El equipo cercano al presidente electo Abelardo de la Espriella salió al paso de los cuestionamientos del senador Iván Cepeda, quien ha promovido jornadas de desobediencia civil como forma de protesta contra el resultado electoral. El vicepresidente electo José Manuel Restrepo y el designado ministro del Interior, Rodrigo Lara, coincidieron en que el líder del movimiento Defensores de la Patria obtuvo un triunfo legítimo en las urnas y que ese fallo debe ser respetado por todos los actores políticos.
Restrepo sostuvo que el llamado a la desobediencia civil no tiene justificación cuando el proceso electoral se desarrolló dentro del marco legal. Según el extracto de Infobae, el vicepresidente electo recordó que los mecanismos de participación y de reclamo en Colombia están definidos por la ley, y que utilizarlos por fuera de los canales institucionales debilita la convivencia democrática.
Por su parte, Rodrigo Lara, quien asumirá la cartera del Interior, fue más directo en su mensaje. En sus declaraciones recogidas por Infobae, Lara señaló que hay que respetar la democracia y que el país no puede avanzar si una parte de la oposición opta por desconocer los resultados. El futuro ministro agregó que el gobierno de De la Espriella buscará canales de diálogo, pero dentro del orden constitucional.
El episodio se inscribe en una discusión de fondo sobre los límites de la protesta y la estabilidad institucional en Colombia. La figura de la desobediencia civil ha sido invocada en distintas coyunturas políticas del país, en general por sectores que consideran que el gobierno de turno adopta decisiones contrarias a los derechos ciudadanos o al Estado de Derecho. En este caso, quienes la promueven argumentan que las condiciones de la jornada electoral no garantizaron transparencia.
La respuesta del gabinete entrante refleja una postura común entre gobiernos de distinto signo en Colombia: rechazar cualquier llamado a desconocer los resultados electorales. Tanto la Casa de Nariño como la Registraduría Nacional del Estado Civil son las encargadas de custodiar el proceso, y cualquier observación sobre presuntas irregularidades debe canalizarse por las instancias judiciales, según el ordenamiento vigente.
Para la ciudadanía, el cruce de mensajes abre un frente adicional al arranque del gobierno de De la Espriella. Además de los retos en materia económica, de seguridad y de orden público que deberá enfrentar, el nuevo Ejecutivo deberá gestionar la relación con una oposición que, al menos en voz de Cepeda, apuesta por la movilización social como herramienta de presión. La forma en que se procese esa tensión marcará el tono del primer año de mandato.

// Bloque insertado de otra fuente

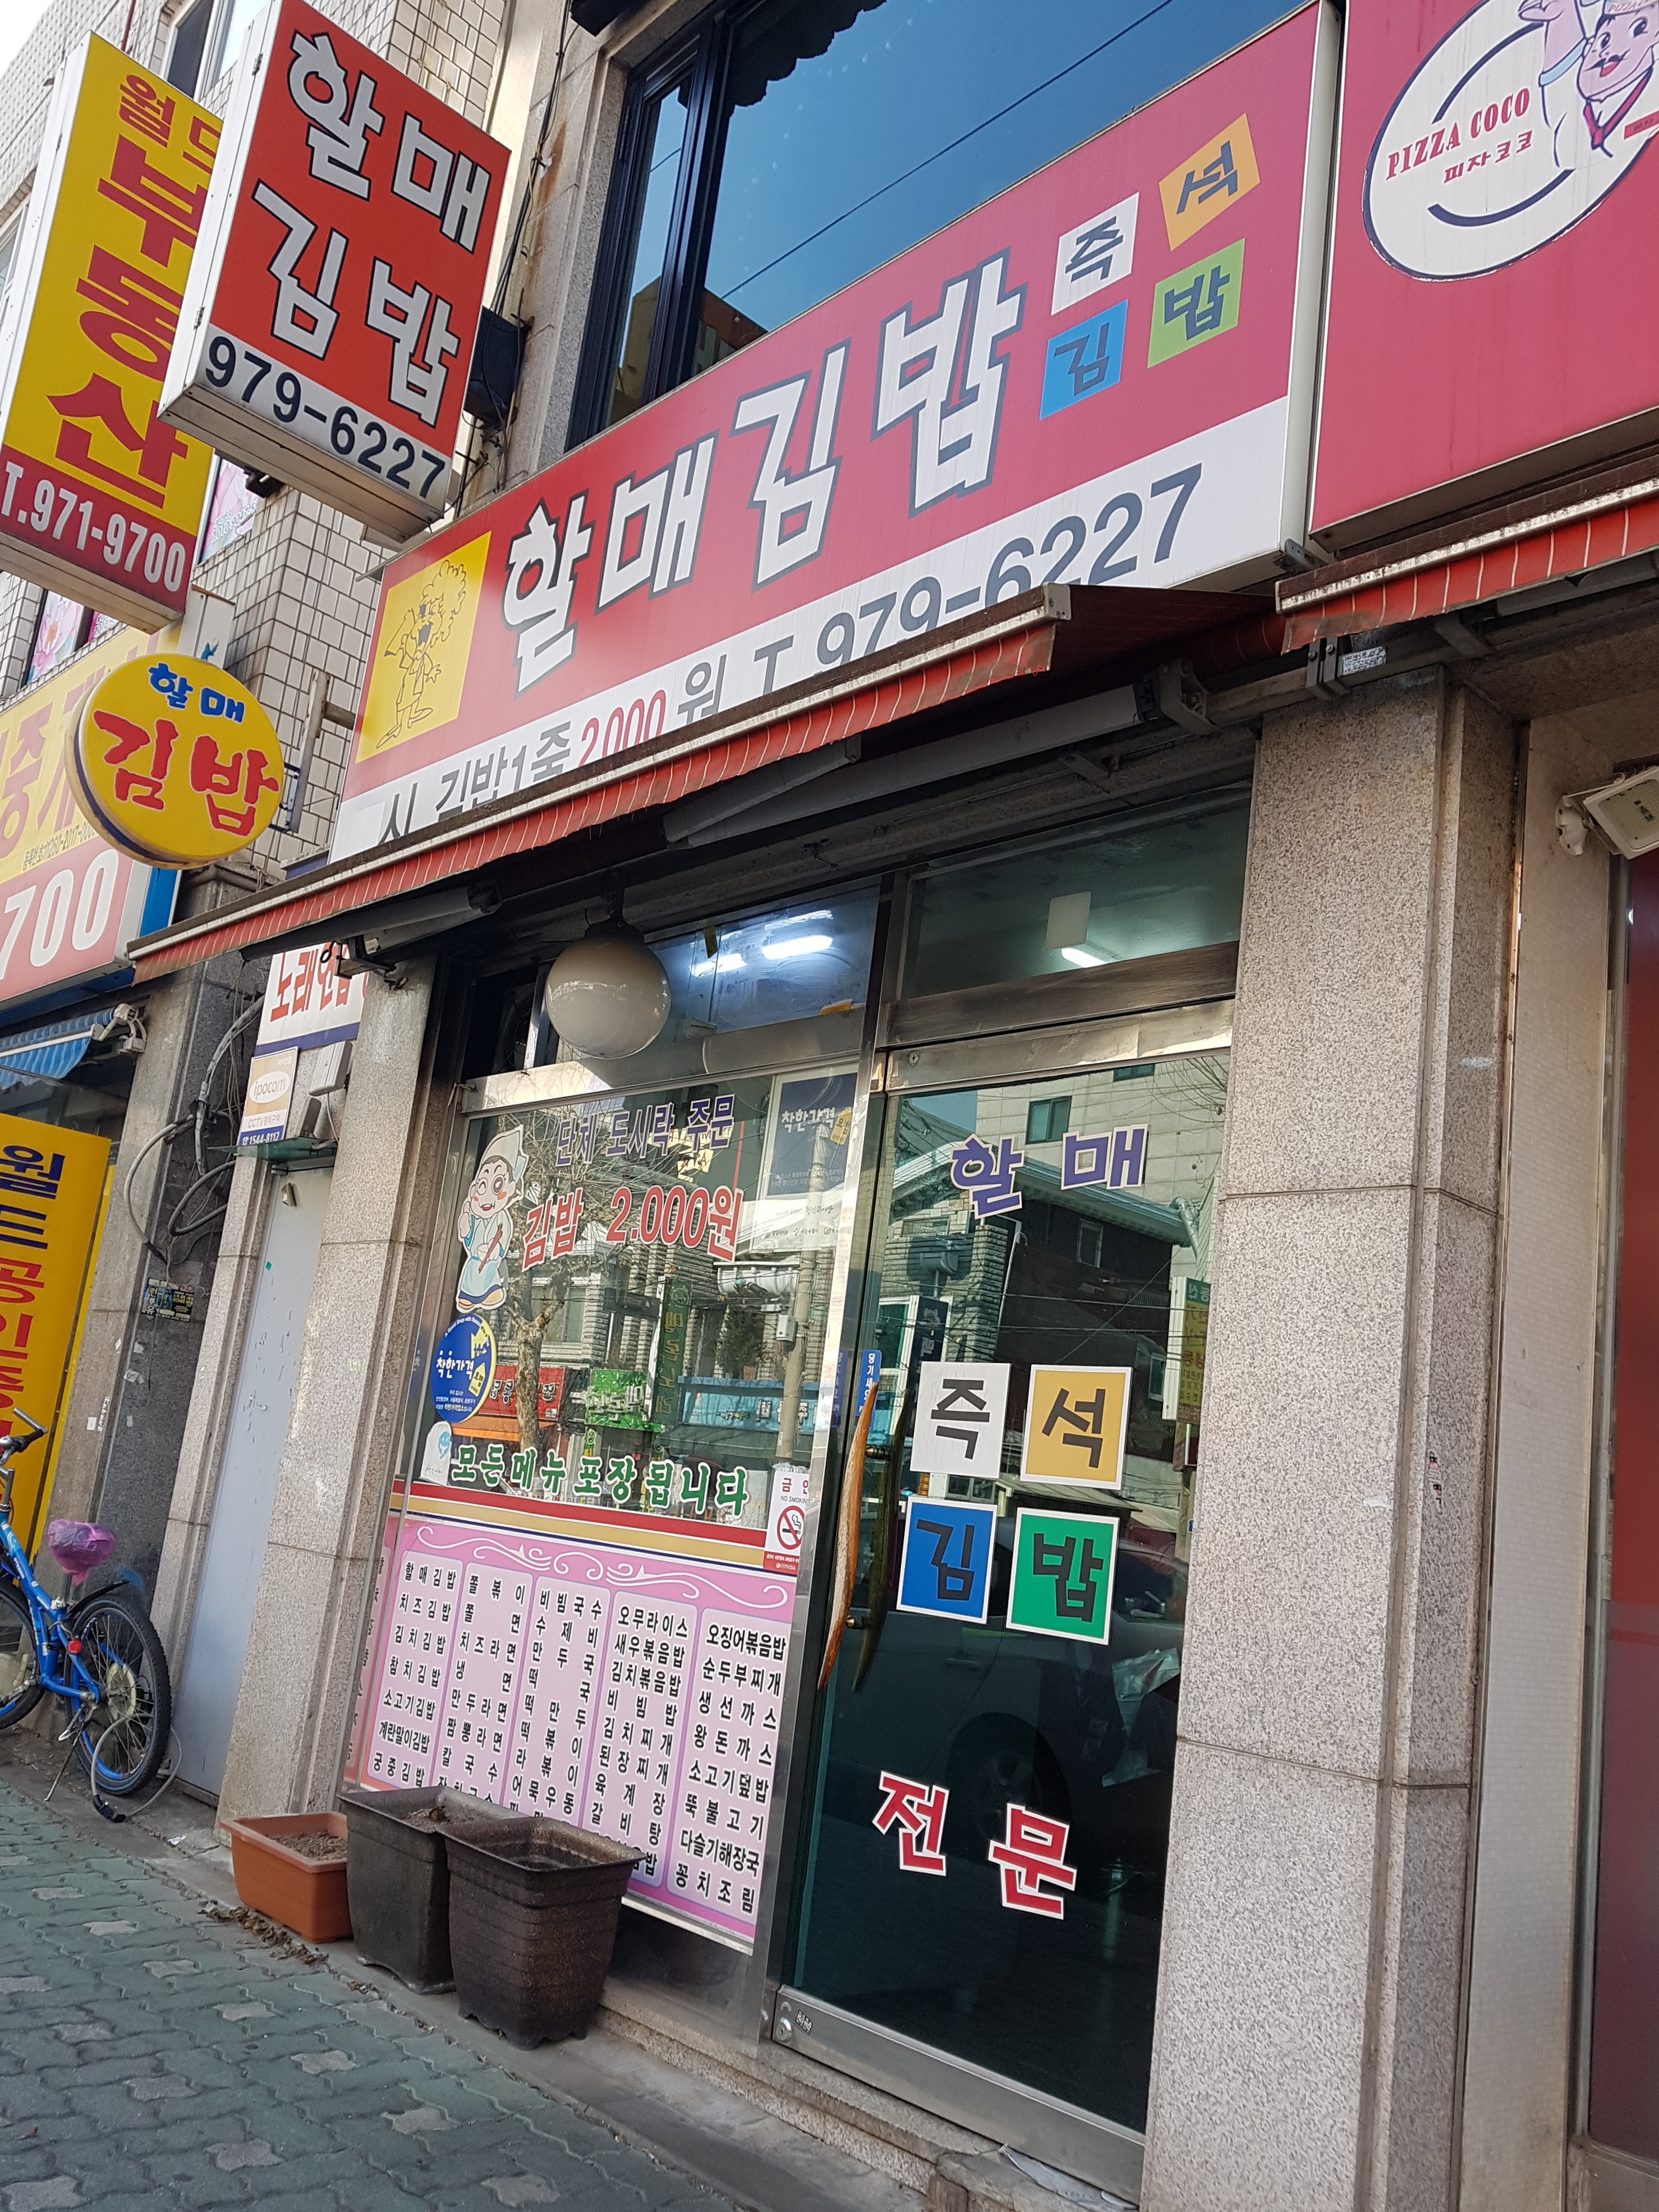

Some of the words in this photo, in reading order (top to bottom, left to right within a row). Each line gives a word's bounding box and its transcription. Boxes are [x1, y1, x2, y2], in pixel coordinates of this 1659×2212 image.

Queda por verse si desde la campaña de Cepeda se mantienen los llamados a la desobediencia civil o si se opta por recurrir a las instancias judiciales para impugnar los resultados. El gobierno entrante, por ahora, ha dejado claro que su prioridad será restablecer la gobernabilidad y que cualquier discrepancia se atenderá por la vía institucional. El pulso entre ambos sectores se traslada así del plano electoral al político, con la mirada puesta en cómo reaccionarán los distintos actores sociales y regionales del país.
La declaración conjunta de Restrepo y Lara deja un mensaje nítido hacia adentro y hacia afuera del gobierno: no se avalarán conductas que, a juicio del nuevo equipo, atenten contra la legitimidad del sufragio. A la vez, abre la puerta a un debate nacional sobre los límites entre el derecho a la protesta y la obligación de acatar el resultado de las urnas, un asunto que seguirá marcando la agenda informativa en las próximas semanas.